What you are asked to do:
Print every entry exactly as written and exclude all images.

Available data:
-------
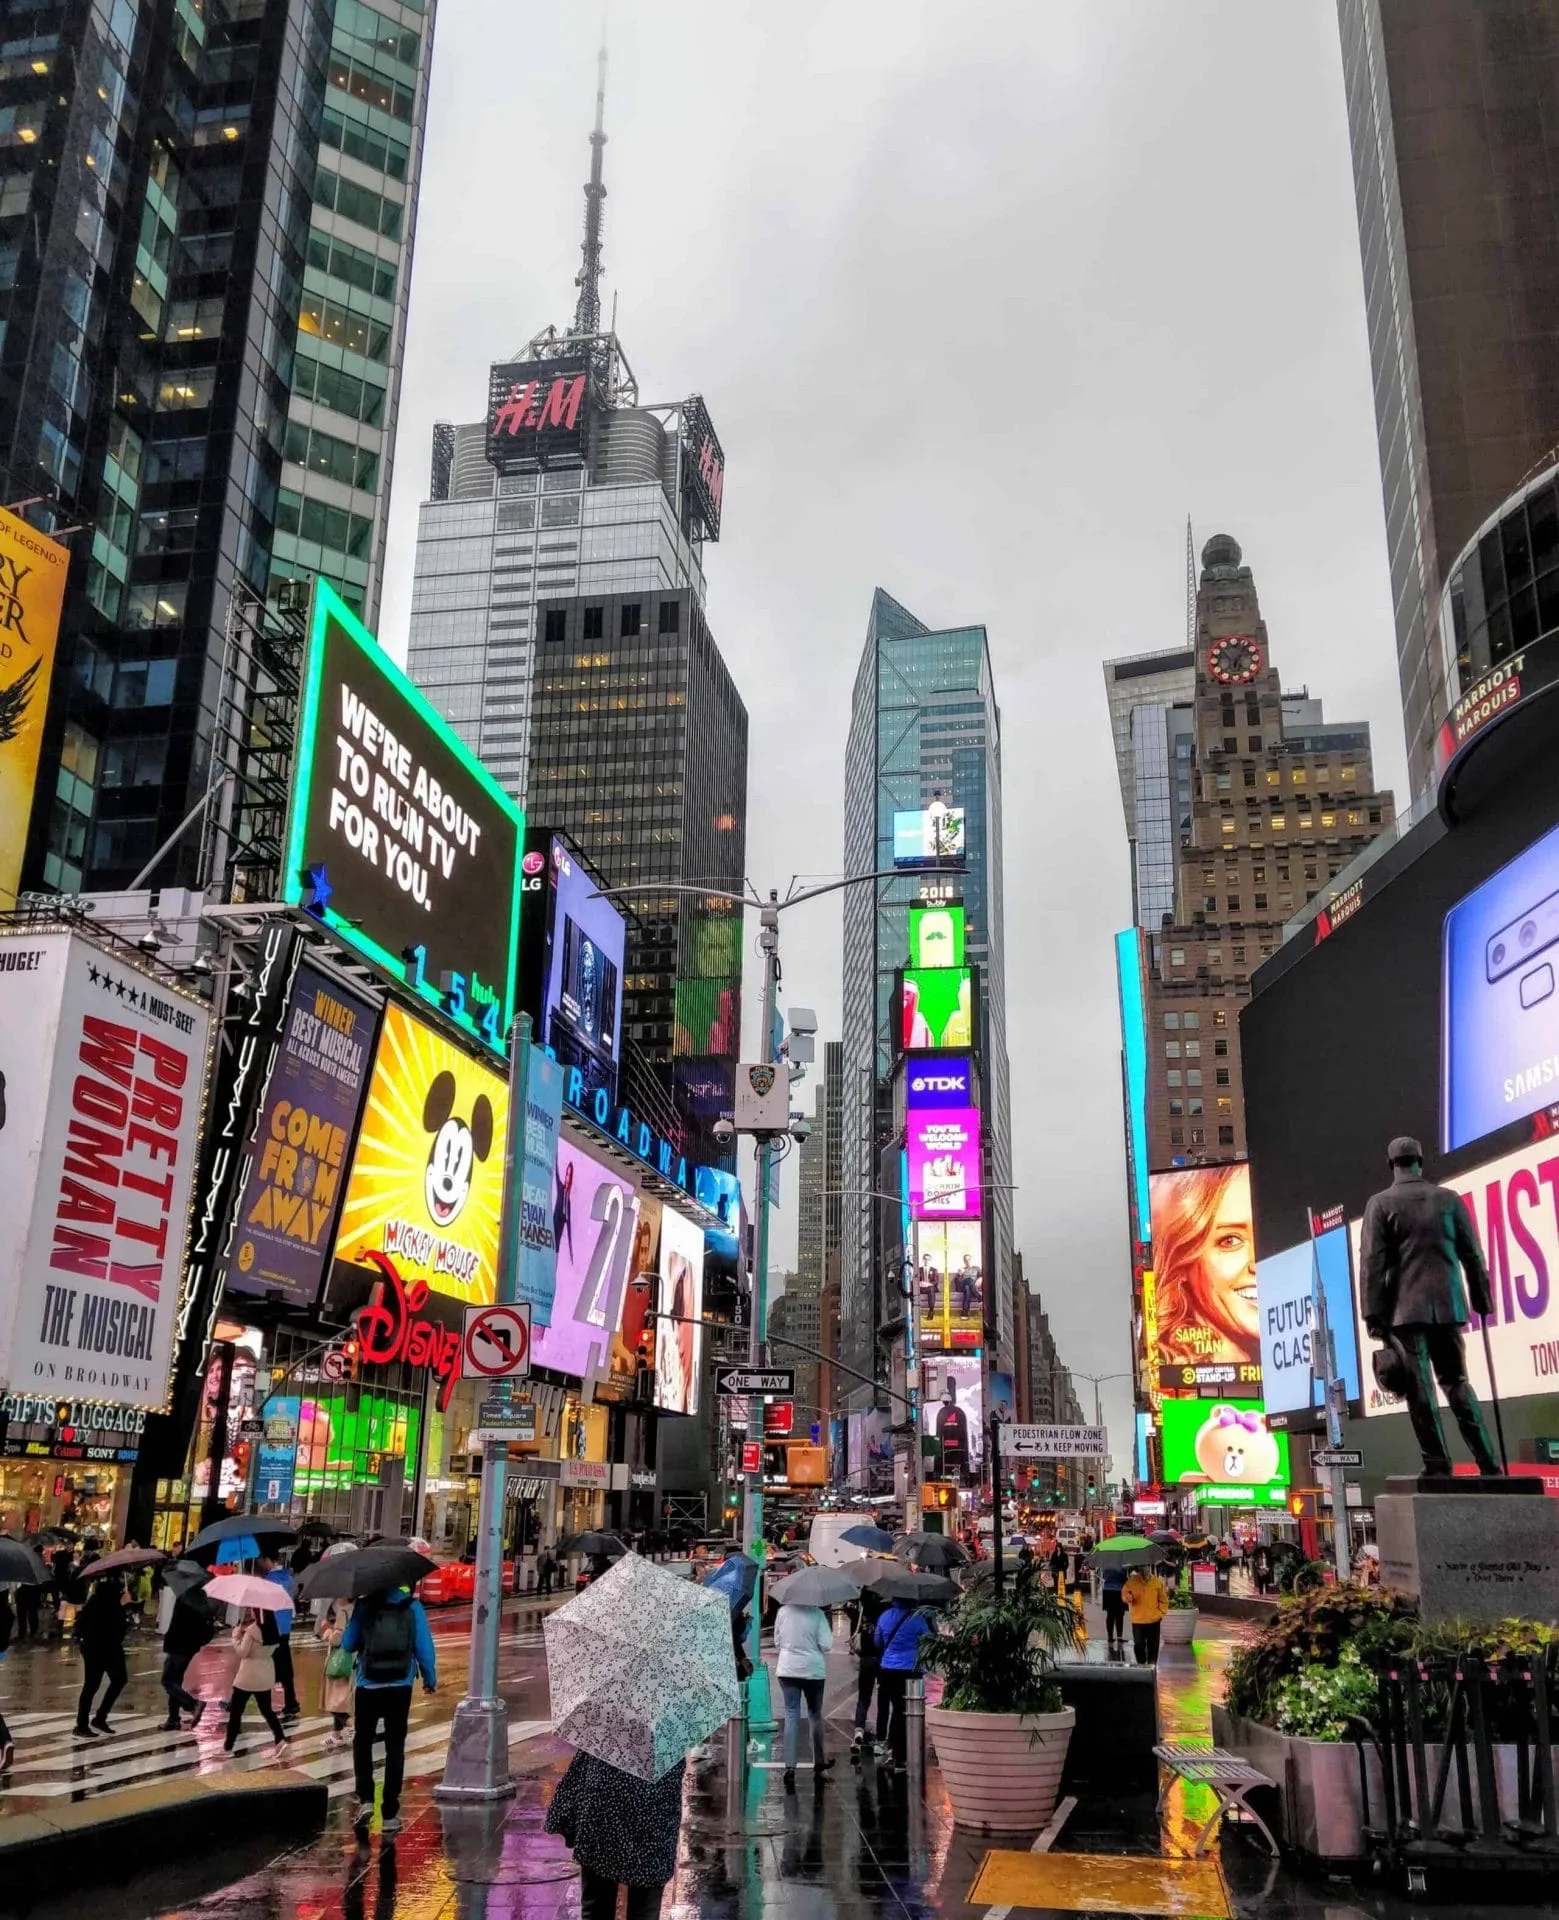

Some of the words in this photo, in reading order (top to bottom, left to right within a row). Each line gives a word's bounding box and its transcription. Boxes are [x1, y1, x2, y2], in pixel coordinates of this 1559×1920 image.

[493, 375, 586, 436] H&M
[1455, 655, 1526, 721] MARRIOTT
[1458, 683, 1518, 741] MARQUIS
[335, 734, 371, 796] TO
[427, 831, 458, 880] TV
[413, 766, 482, 858] ABOUT
[329, 788, 380, 866] FOR
[382, 835, 432, 913] YOU.
[561, 857, 571, 877] LG
[521, 877, 542, 891] LG
[920, 886, 954, 899] 2018
[1331, 879, 1364, 914] MARRIOTT
[27, 892, 90, 912] LAMAR
[1331, 895, 1362, 929] MARQUIS
[140, 991, 147, 1011] A
[286, 1036, 299, 1056] ALL
[290, 1007, 322, 1048] BEST
[318, 1024, 363, 1075] MUSICAL
[924, 1076, 966, 1091] TDK
[49, 1013, 139, 1281] WOMAN
[271, 1099, 347, 1167] COME
[110, 1032, 189, 1304] PRETTY
[248, 1184, 331, 1245] AWAY
[522, 1200, 546, 1227] EVAN
[384, 1220, 434, 1266] MICKEY
[433, 1240, 480, 1284] MOUSE
[40, 1284, 78, 1349] THE
[80, 1296, 157, 1362] MUSICAL
[1267, 1294, 1312, 1337] FUTUR
[1175, 1326, 1212, 1343] SARAH
[1272, 1333, 1311, 1371] CLAS
[34, 1361, 58, 1378] ON
[64, 1365, 151, 1393] BROADWAY
[727, 1376, 749, 1388] ONE
[761, 1376, 785, 1389] WAY
[1196, 1371, 1237, 1383] STAND-UP
[1240, 1364, 1263, 1382] FRI
[2, 1396, 57, 1425] GIFTS
[69, 1404, 147, 1434] LUGGAGE
[1013, 1428, 1059, 1440] PEDESTRIAN
[1060, 1429, 1081, 1440] FLOW
[1083, 1430, 1103, 1440] ZONE
[1053, 1442, 1072, 1453] KEEP
[1074, 1443, 1104, 1453] MOVING
[86, 1447, 116, 1459] SONY
[1318, 1454, 1333, 1463] ONE
[1339, 1453, 1357, 1464] WAY
[506, 1477, 538, 1500] FOREVER
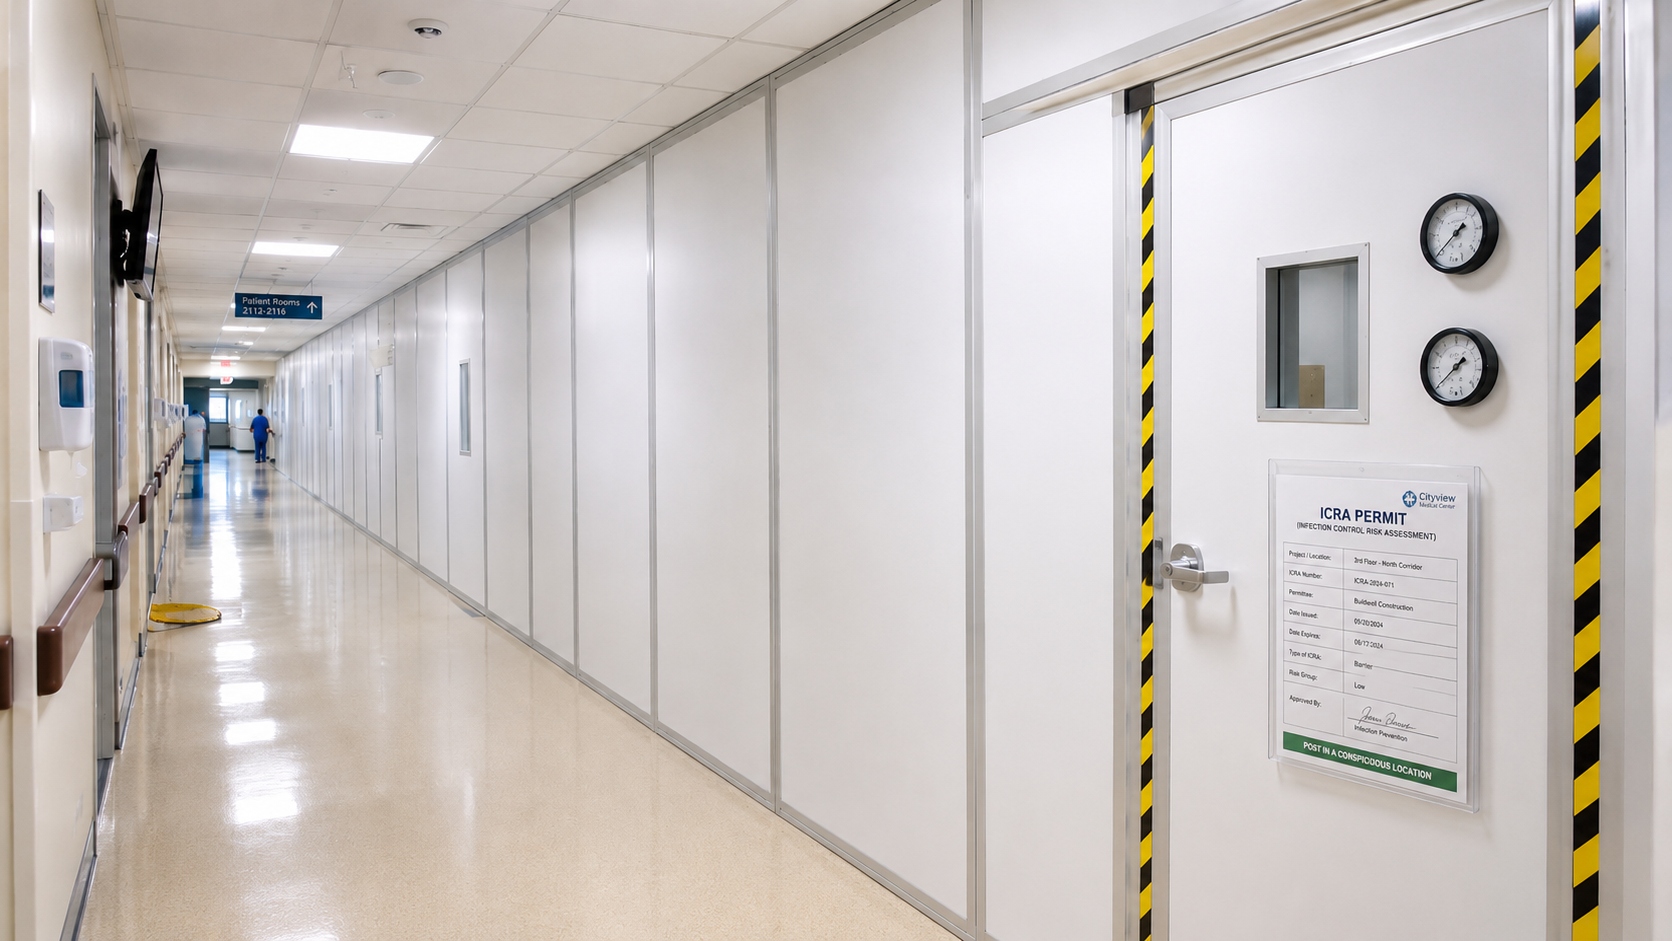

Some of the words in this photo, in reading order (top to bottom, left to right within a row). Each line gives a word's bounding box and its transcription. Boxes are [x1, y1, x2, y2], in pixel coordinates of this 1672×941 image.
-------
Result of the exercise:
Some of the words in this photo, in reading order (top to bottom, left to right within a row). Each line gives a word's bounding box and its transcription. Boxes are [x1, y1, x2, y2], in pixel coordinates of this 1559×1920 image.

[493, 375, 586, 436] H&M
[1455, 655, 1526, 721] MARRIOTT
[1458, 683, 1518, 741] MARQUIS
[335, 734, 371, 796] TO
[427, 831, 458, 880] TV
[413, 766, 482, 858] ABOUT
[329, 788, 380, 866] FOR
[382, 835, 432, 913] YOU.
[561, 857, 571, 877] LG
[521, 877, 542, 891] LG
[920, 886, 954, 899] 2018
[1331, 879, 1364, 914] MARRIOTT
[27, 892, 90, 912] LAMAR
[1331, 895, 1362, 929] MARQUIS
[140, 991, 147, 1011] A
[286, 1036, 299, 1056] ALL
[290, 1007, 322, 1048] BEST
[318, 1024, 363, 1075] MUSICAL
[924, 1076, 966, 1091] TDK
[49, 1013, 139, 1281] WOMAN
[271, 1099, 347, 1167] COME
[110, 1032, 189, 1304] PRETTY
[248, 1184, 331, 1245] AWAY
[522, 1200, 546, 1227] EVAN
[384, 1220, 434, 1266] MICKEY
[433, 1240, 480, 1284] MOUSE
[40, 1284, 78, 1349] THE
[80, 1296, 157, 1362] MUSICAL
[1267, 1294, 1312, 1337] FUTUR
[1175, 1326, 1212, 1343] SARAH
[1272, 1333, 1311, 1371] CLAS
[34, 1361, 58, 1378] ON
[64, 1365, 151, 1393] BROADWAY
[727, 1376, 749, 1388] ONE
[761, 1376, 785, 1389] WAY
[1196, 1371, 1237, 1383] STAND-UP
[1240, 1364, 1263, 1382] FRI
[2, 1396, 57, 1425] GIFTS
[69, 1404, 147, 1434] LUGGAGE
[1013, 1428, 1059, 1440] PEDESTRIAN
[1060, 1429, 1081, 1440] FLOW
[1083, 1430, 1103, 1440] ZONE
[1053, 1442, 1072, 1453] KEEP
[1074, 1443, 1104, 1453] MOVING
[86, 1447, 116, 1459] SONY
[1318, 1454, 1333, 1463] ONE
[1339, 1453, 1357, 1464] WAY
[506, 1477, 538, 1500] FOREVER

Some of the words in this photo, in reading order (top to bottom, left to right within a row). Each line gives a word's bounding box and its transcription. Boxes are [x1, y1, x2, y2], in pixel coordinates of this 1672×941 image.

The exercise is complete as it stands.